There are further factors tending to reduce economic understanding. The computer software sector, the main engine of growth in the last two decades, is subject to network effects, whereby by Metcalfe’s law the financial value or influence of a network is proportionate to the square of the number of users connected to it. Consequently, if you work for such a business, your salary, bonus and the value of your stock options are not subject to the ordinary laws of economics (which in any case do not apply to a business whose customers pay nothing) but instead are subject to Metcalfe’s Law. You either work for Google, Yahoo or AskJeeves; for Facebook, MySpace or Friendster and which employer you (probably randomly) pick initially determines your whole future. Conversely traditional manufacturing, where you make a physical product and its success determines your financial well-being, is far less common today and much of it is automated – there are few spindle-forgers like my ancestor.

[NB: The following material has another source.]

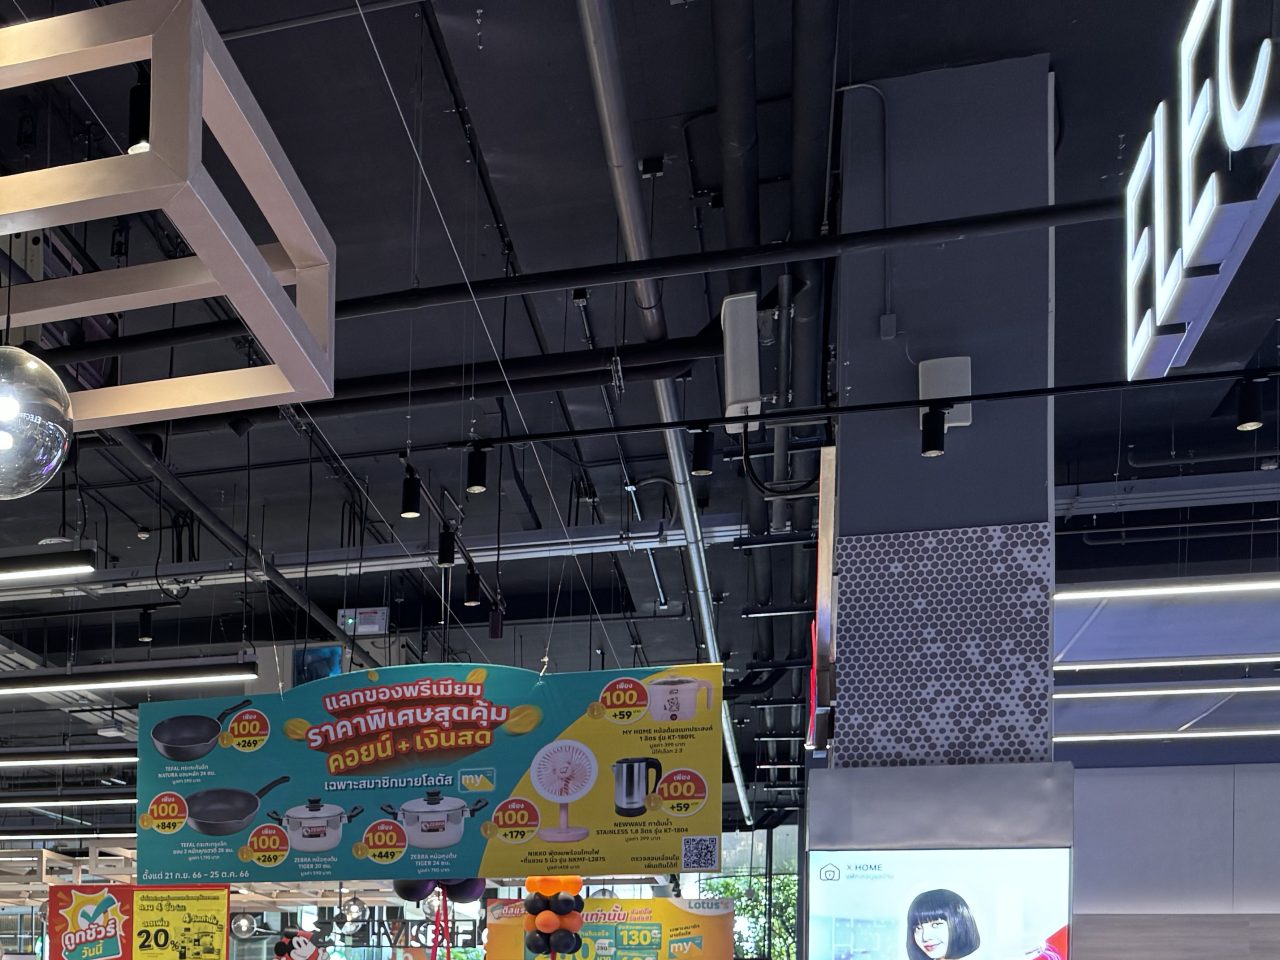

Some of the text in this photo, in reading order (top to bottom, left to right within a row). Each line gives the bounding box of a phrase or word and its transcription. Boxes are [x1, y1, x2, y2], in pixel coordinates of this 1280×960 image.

Overall, as you would expect, the result has been a sharp slowdown in the number of startups, from 13% of all employers in 1978 to 8.9% in 2021, itself a COVID-related uptick from the previous year. With economic awareness among the population lower and the cost of regulation far higher, this should surprise nobody. However, it is extraordinary that a marked slowdown in startups should have coincided with a huge surge in venture capital, which from almost non-existent in the late 1970s reached an all-time historic peak in 2021, boosted by the ultra-low interest rates of that year. There are two possible conclusions: (i) either the private equity industry does not finance real startups, but only tech-related scams, and/or (ii) the business startup rate would be even lower without this gigantic bubble-subsidized lottery. Both could be true, of course.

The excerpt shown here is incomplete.